* _Assigned task_
A faithful copy of all the data is required; pictures should not be included.

++++ Records shown

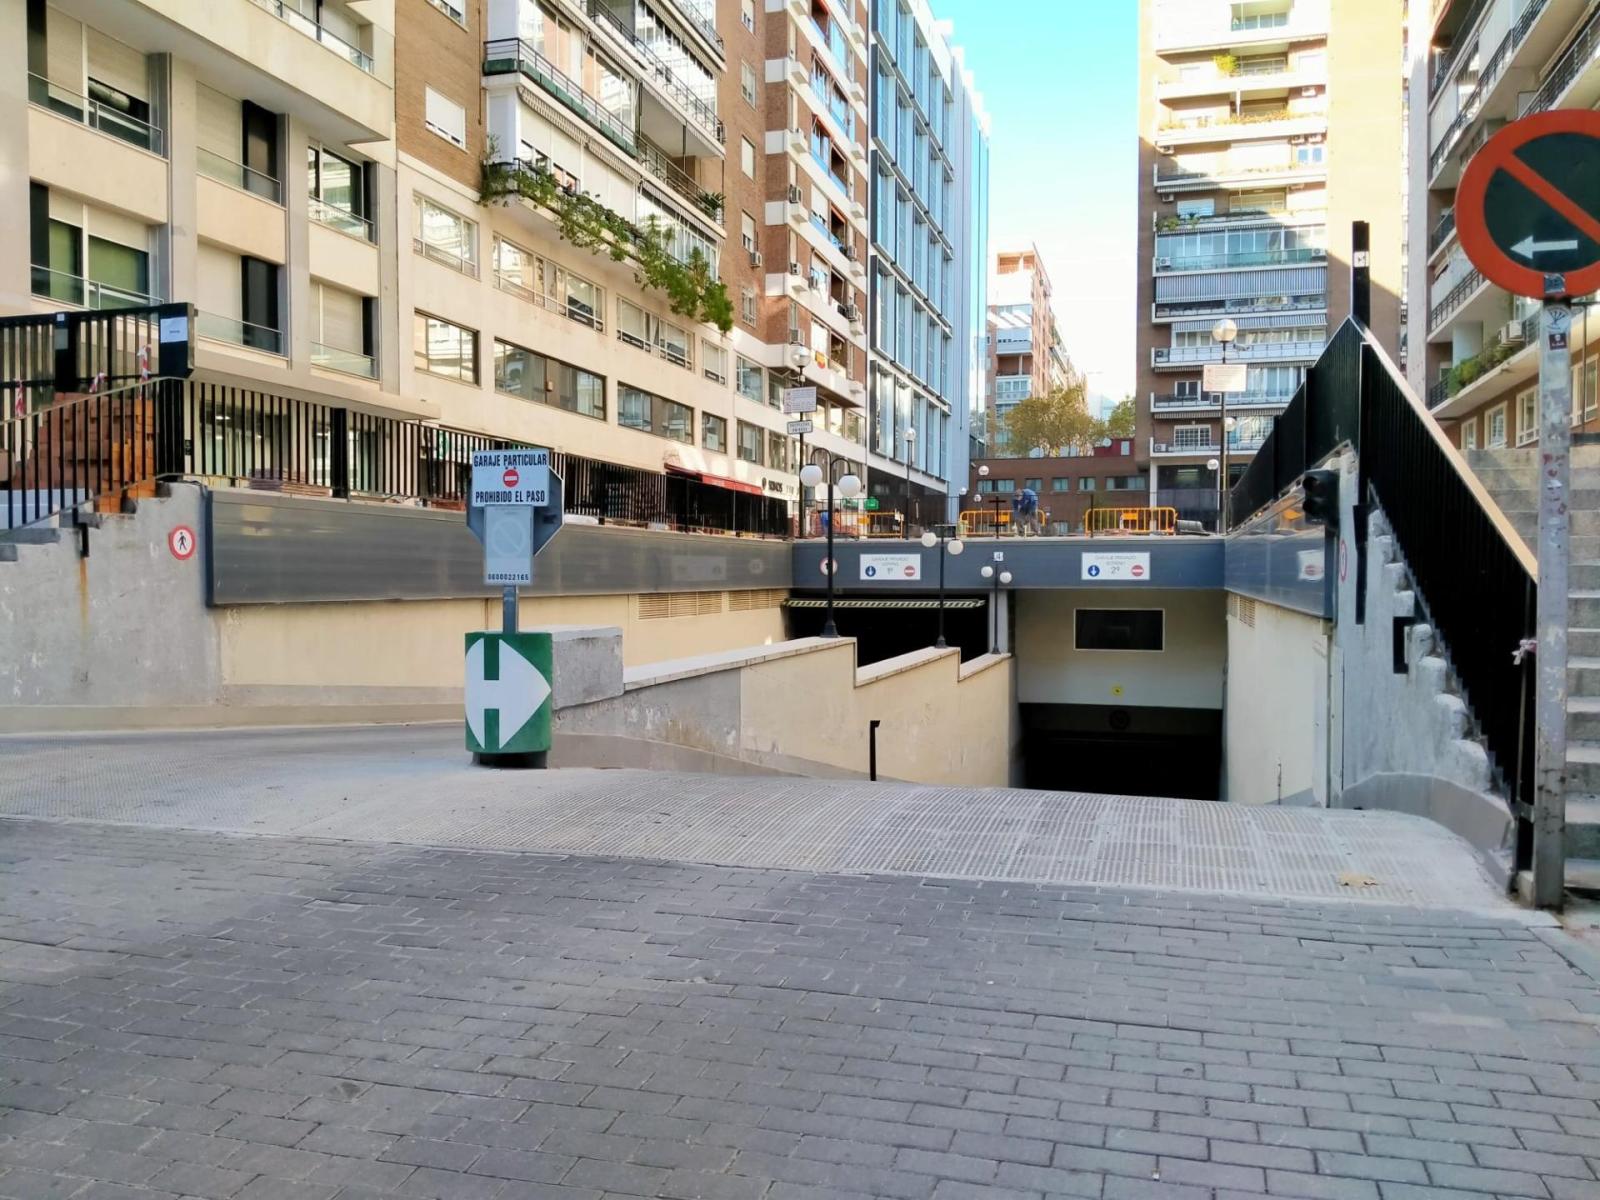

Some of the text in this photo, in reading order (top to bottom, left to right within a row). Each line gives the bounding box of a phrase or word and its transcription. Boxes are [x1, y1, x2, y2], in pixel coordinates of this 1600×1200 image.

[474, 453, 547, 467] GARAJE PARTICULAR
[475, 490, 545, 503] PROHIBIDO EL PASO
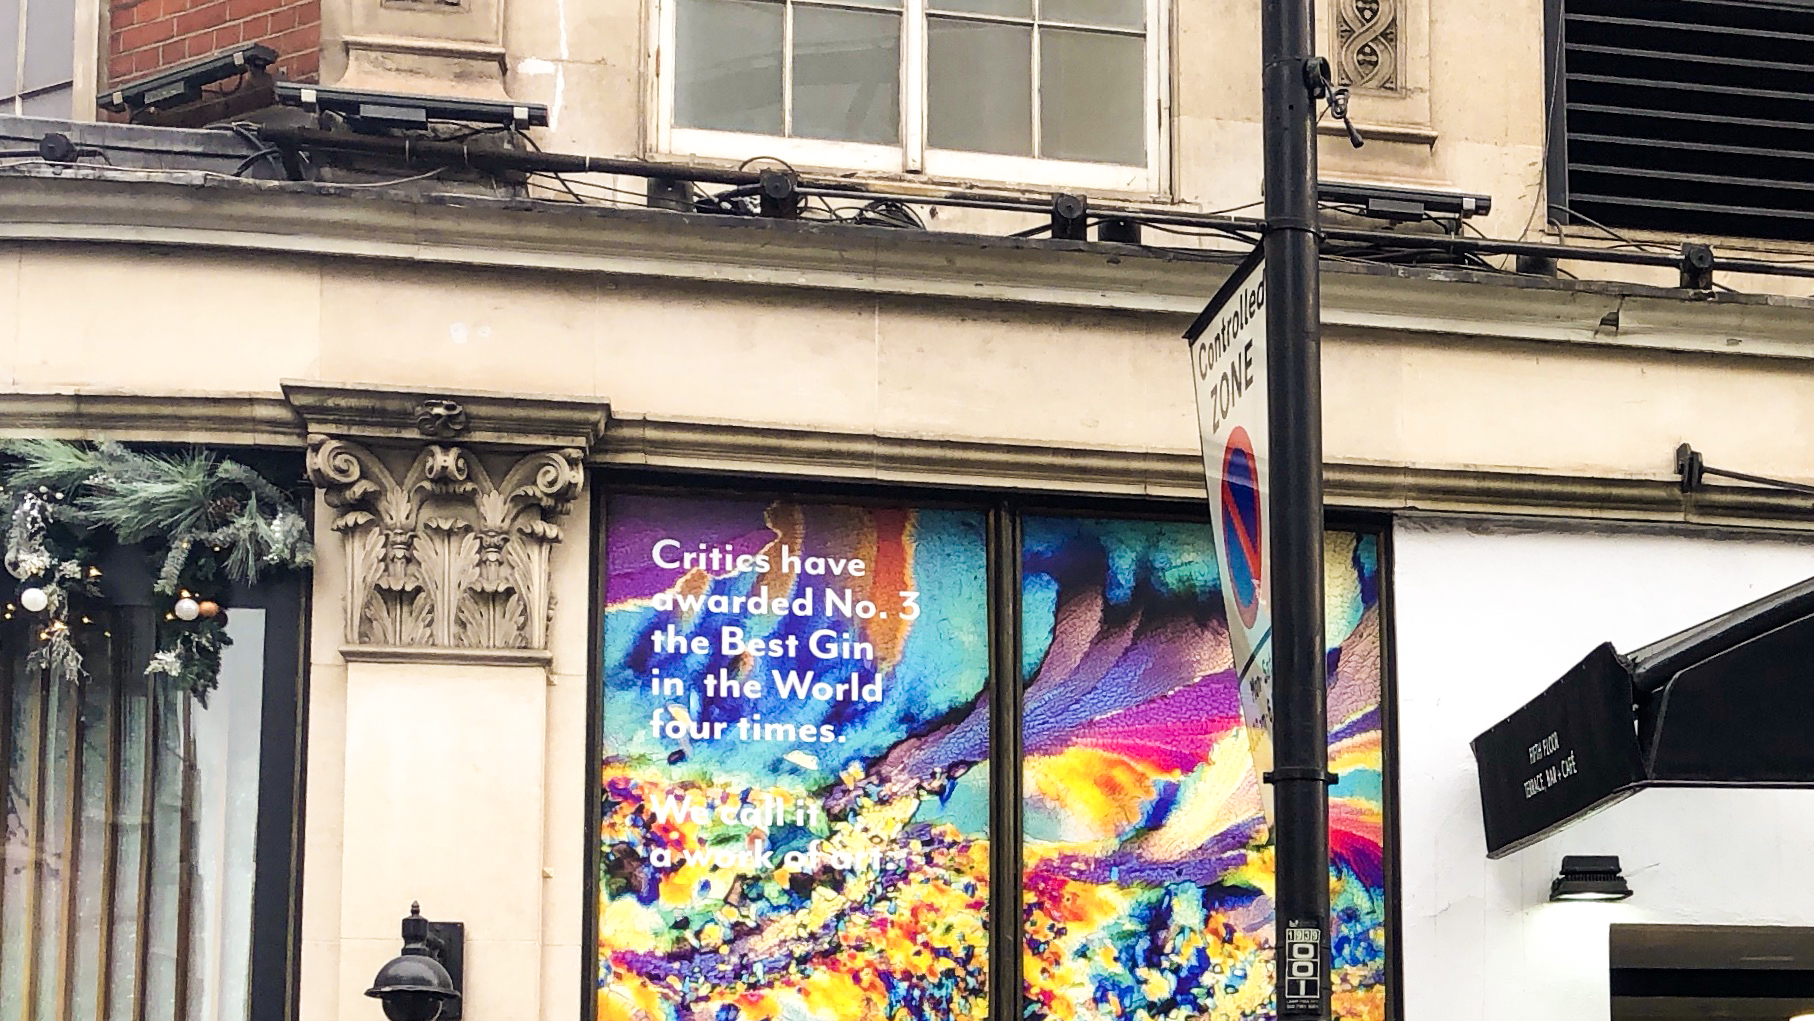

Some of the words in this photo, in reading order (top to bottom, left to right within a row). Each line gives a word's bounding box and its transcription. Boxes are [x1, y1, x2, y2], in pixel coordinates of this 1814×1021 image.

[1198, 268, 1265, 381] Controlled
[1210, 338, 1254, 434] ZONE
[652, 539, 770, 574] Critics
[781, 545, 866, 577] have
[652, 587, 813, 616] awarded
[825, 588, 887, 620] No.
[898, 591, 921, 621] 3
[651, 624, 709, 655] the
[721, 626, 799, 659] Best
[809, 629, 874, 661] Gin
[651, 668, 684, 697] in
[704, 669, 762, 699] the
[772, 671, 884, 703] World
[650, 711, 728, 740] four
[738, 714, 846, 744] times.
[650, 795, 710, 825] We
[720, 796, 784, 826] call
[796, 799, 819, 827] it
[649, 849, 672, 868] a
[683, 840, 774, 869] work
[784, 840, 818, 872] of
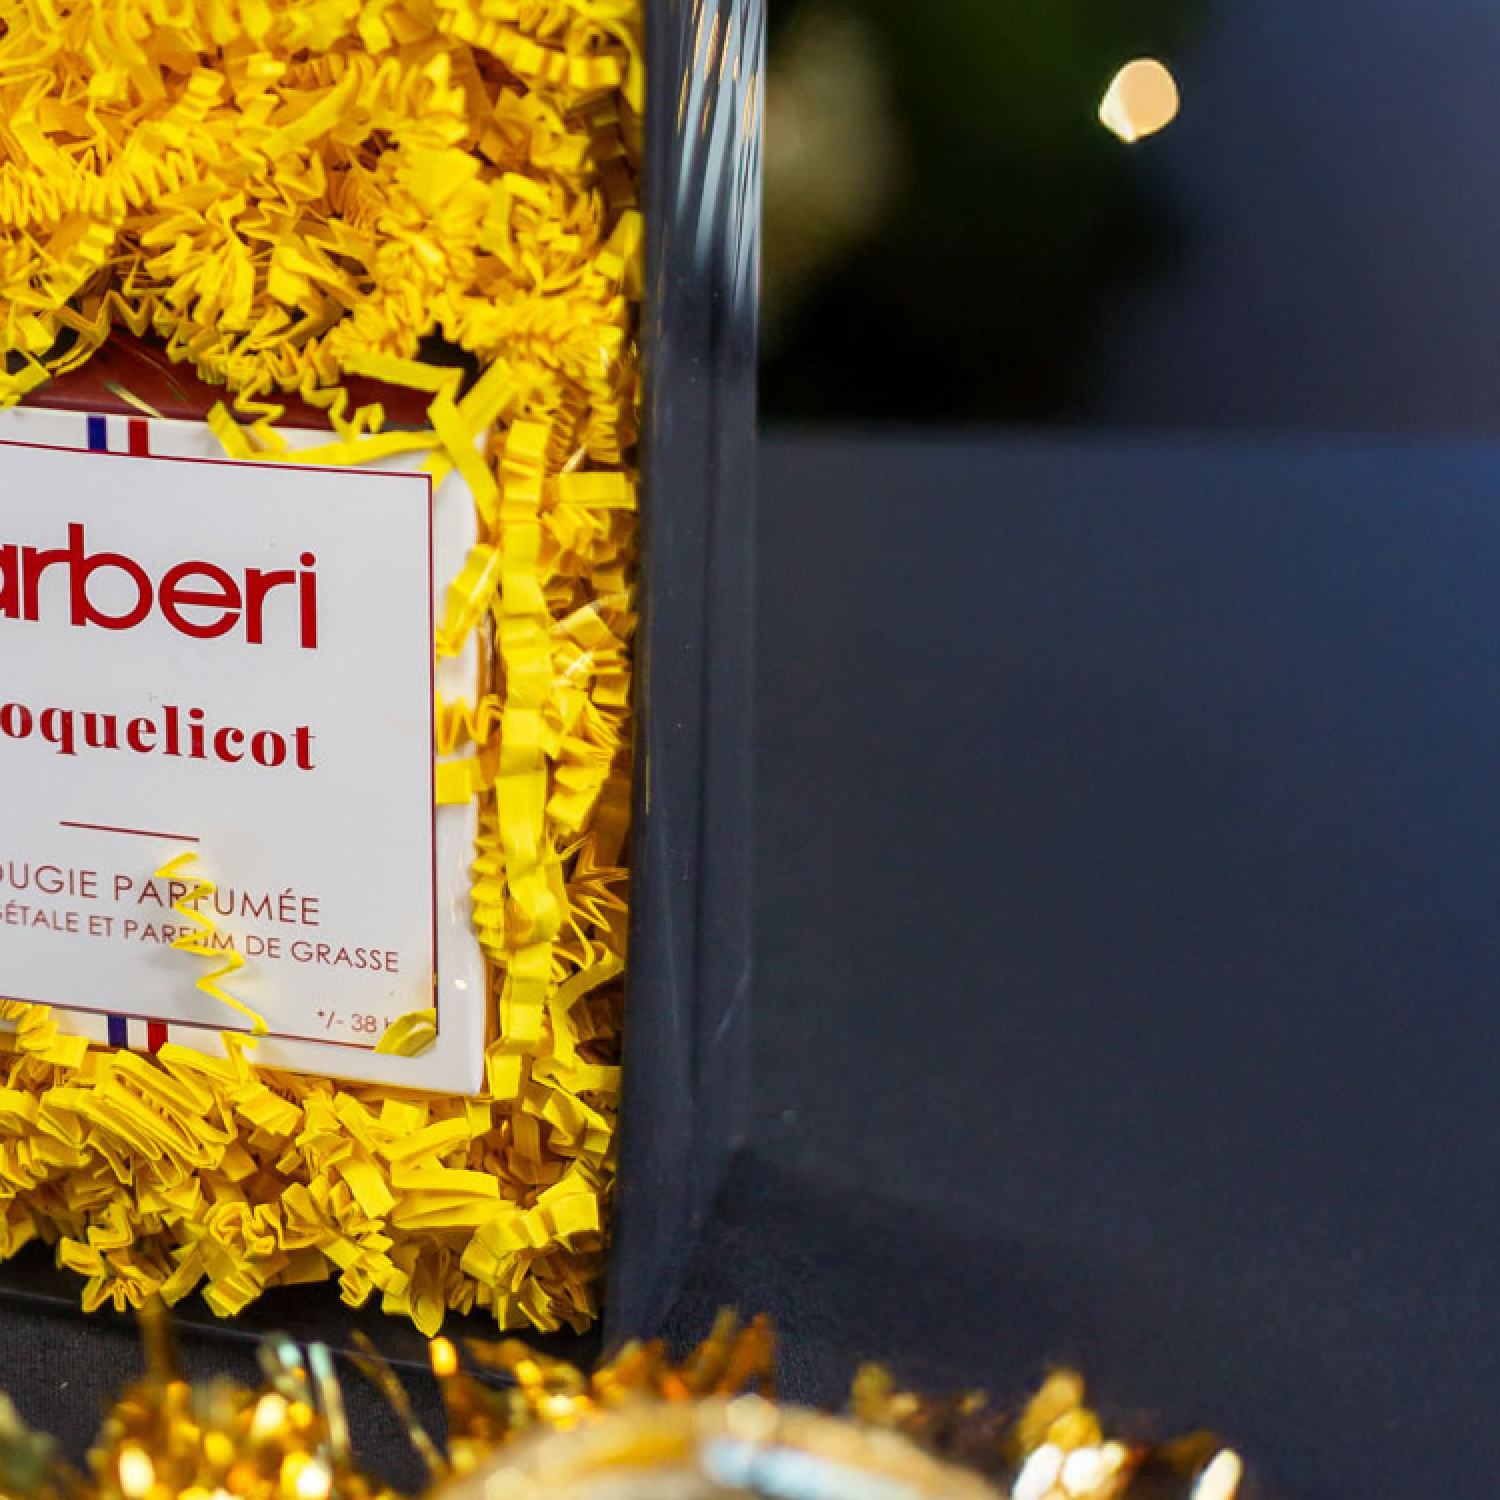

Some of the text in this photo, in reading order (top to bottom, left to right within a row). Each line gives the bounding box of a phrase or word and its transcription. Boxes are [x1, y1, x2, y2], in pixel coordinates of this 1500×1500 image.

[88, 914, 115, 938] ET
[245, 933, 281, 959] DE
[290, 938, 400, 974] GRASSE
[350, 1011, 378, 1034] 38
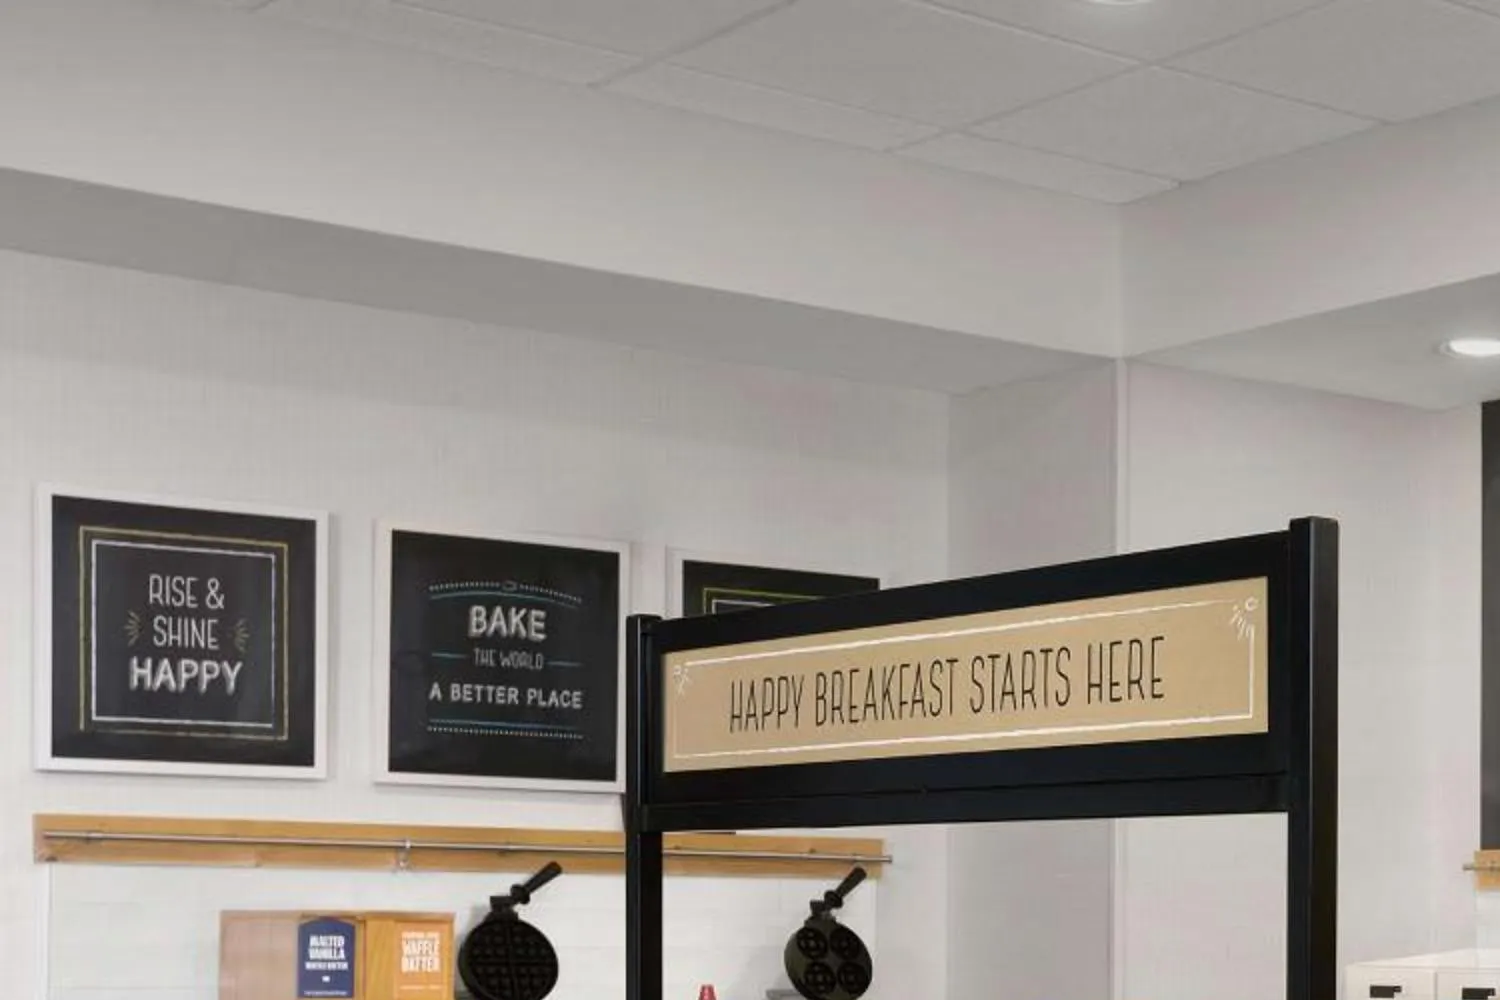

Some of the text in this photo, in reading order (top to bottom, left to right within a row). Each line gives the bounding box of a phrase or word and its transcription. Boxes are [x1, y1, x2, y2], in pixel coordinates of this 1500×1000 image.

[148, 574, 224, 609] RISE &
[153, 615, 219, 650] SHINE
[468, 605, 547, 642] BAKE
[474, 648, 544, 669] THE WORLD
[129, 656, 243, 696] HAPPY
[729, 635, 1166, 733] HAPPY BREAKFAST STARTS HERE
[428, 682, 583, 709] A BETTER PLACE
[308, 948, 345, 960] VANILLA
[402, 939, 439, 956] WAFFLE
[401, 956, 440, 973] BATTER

++++++++

* _Result_
Some of the text in this photo, in reading order (top to bottom, left to right within a row). Each line gives the bounding box of a phrase or word and its transcription. Boxes are [x1, y1, x2, y2], in pixel coordinates of this 1600×1200 image.

[474, 453, 547, 467] GARAJE PARTICULAR
[475, 490, 545, 503] PROHIBIDO EL PASO

Some of the words in this photo, in reading order (top to bottom, left to right within a row). Each line gives a word's bounding box and its transcription. Boxes are [x1, y1, x2, y2], in pixel coordinates of this 1814×1021 image.

[1198, 268, 1265, 381] Controlled
[1210, 338, 1254, 434] ZONE
[652, 539, 770, 574] Critics
[781, 545, 866, 577] have
[652, 587, 813, 616] awarded
[825, 588, 887, 620] No.
[898, 591, 921, 621] 3
[651, 624, 709, 655] the
[721, 626, 799, 659] Best
[809, 629, 874, 661] Gin
[651, 668, 684, 697] in
[704, 669, 762, 699] the
[772, 671, 884, 703] World
[650, 711, 728, 740] four
[738, 714, 846, 744] times.
[650, 795, 710, 825] We
[720, 796, 784, 826] call
[796, 799, 819, 827] it
[649, 849, 672, 868] a
[683, 840, 774, 869] work
[784, 840, 818, 872] of

Some of the text in this photo, in reading order (top to bottom, left to right within a row). Each line gives the bounding box of a phrase or word and its transcription. Boxes are [x1, y1, x2, y2], in pixel coordinates of this 1500×1500 image.

[88, 914, 115, 938] ET
[245, 933, 281, 959] DE
[290, 938, 400, 974] GRASSE
[350, 1011, 378, 1034] 38

Some of the text in this photo, in reading order (top to bottom, left to right within a row). Each line gives the bounding box of a phrase or word and its transcription. Boxes are [x1, y1, x2, y2], in pixel coordinates of this 1500×1000 image.

[148, 574, 224, 609] RISE &
[153, 615, 219, 650] SHINE
[468, 605, 547, 642] BAKE
[474, 648, 544, 669] THE WORLD
[129, 656, 243, 696] HAPPY
[729, 635, 1166, 733] HAPPY BREAKFAST STARTS HERE
[428, 682, 583, 709] A BETTER PLACE
[308, 948, 345, 960] VANILLA
[402, 939, 439, 956] WAFFLE
[401, 956, 440, 973] BATTER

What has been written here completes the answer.